General principles - Abbreviations - Style

A manual for writers of research papers, theses, and dissertations, Ninth edition - Kate L. Turabian 2018

General principles
Abbreviations
Style

24.1 General Principles

24.1.1 Types of Abbreviations

24.1.2 When to Use Abbreviations

24.1.3 How to Format Abbreviations

24.2 Names and Titles

24.2.1 Personal Names

24.2.2 Professional Titles

24.2.3 Academic Degrees

24.2.4 Agencies, Companies, and Other Organizations

24.3 Geographical Terms

24.3.1 Place-Names

24.3.2 Addresses

24.4 Time and Dates

24.4.1 Time

24.4.2 Days and Months

24.4.3 Eras

24.5 Units of Measure

24.6 The Bible and Other Sacred Works

24.6.1 Jewish Bible / Old Testament

24.6.2 Apocrypha

24.6.3 New Testament

24.6.4 Versions of the Bible

24.6.5 Other Sacred Works

24.7 Abbreviations in Citations and Other Scholarly Contexts

This chapter offers general guidelines for using abbreviations. Abbreviations in formal writing were once limited to a few special circumstances, but they are now widely used in writing of all kinds. Even so, their use must reflect the conventions of specific disciplines. The guidelines presented here are appropriate for most humanities and social science disciplines. If you are writing a paper in the natural or physical sciences, mathematics, or any other technical field, follow the conventions of the discipline.

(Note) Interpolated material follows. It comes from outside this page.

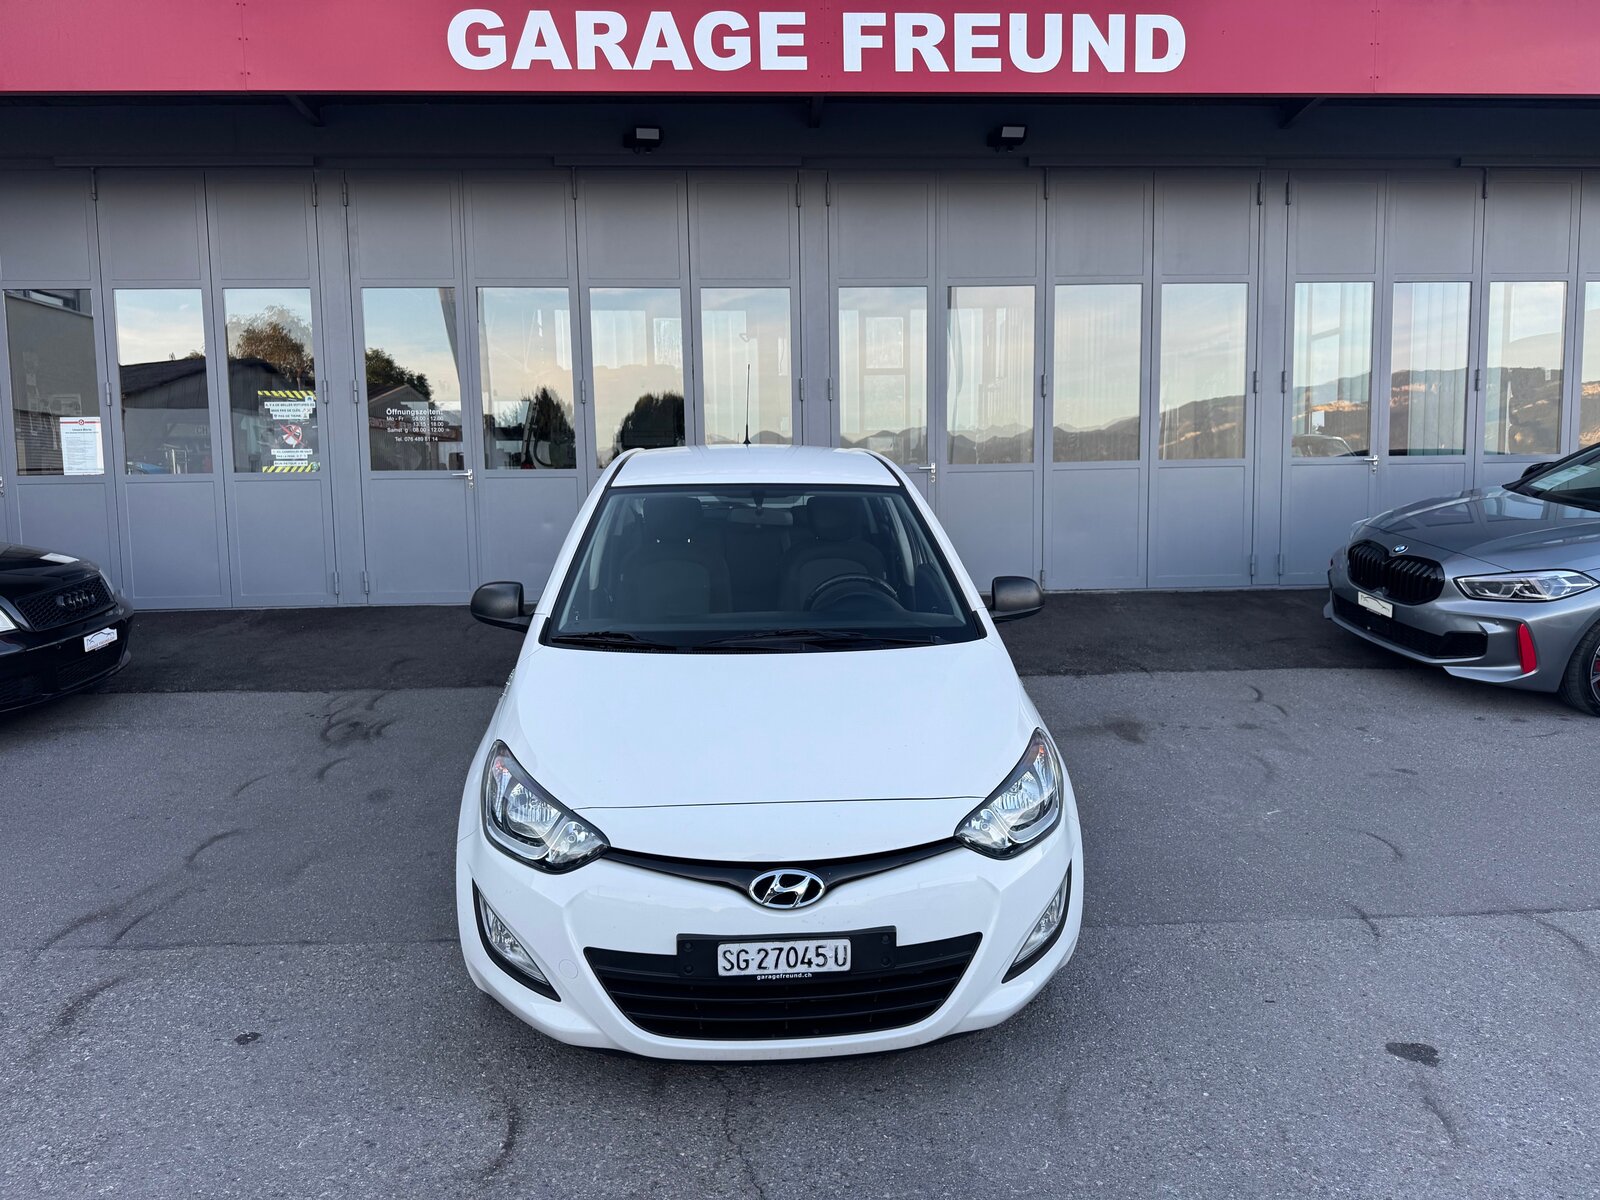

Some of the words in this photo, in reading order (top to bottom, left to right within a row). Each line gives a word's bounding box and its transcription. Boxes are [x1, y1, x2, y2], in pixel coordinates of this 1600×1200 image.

[447, 8, 808, 71] GARAGE
[842, 11, 1187, 74] FREUND
[756, 972, 813, 980] garagefreund.ch

The dictionaries from Merriam-Webster include entries for many abbreviations from many fields. Another resource is chapter 10 of The Chicago Manual of Style, 17th edition (2017). For style guides in various disciplines, see the bibliography.

If you are writing a thesis or dissertation, your department or university may have specific requirements for using abbreviations, which are usually available from the office of theses and dissertations. If you are writing a class paper, your instructor may also ask you to follow certain principles for using abbreviations. Review these requirements before you prepare your paper. They take precedence over the guidelines suggested here.

24.1 General Principles

24.1.1 Types of Abbreviations

Terms can be shortened, or abbreviated, in several ways. When a term is shortened to only the first letters of each word and pronounced as a single word (NATO, AIDS), it is called an acronym; if the letters are pronounced as a series of letters (EU, PBS), it is called an initialism. Other terms are shortened through contraction: just the first and last letters of the term are retained (Mr., Dr., atty.), or the last letters are dropped (ed., Tues.). This chapter treats all of these forms under the general term abbreviations, with distinctions between types noted as relevant.

24.1.2 When to Use Abbreviations

In most papers, use abbreviations only sparingly in text because they can make your writing seem either too informal or too technical. This chapter covers types of abbreviations that are preferred over spelled-out terms and others that are considered acceptable in academic writing if used consistently.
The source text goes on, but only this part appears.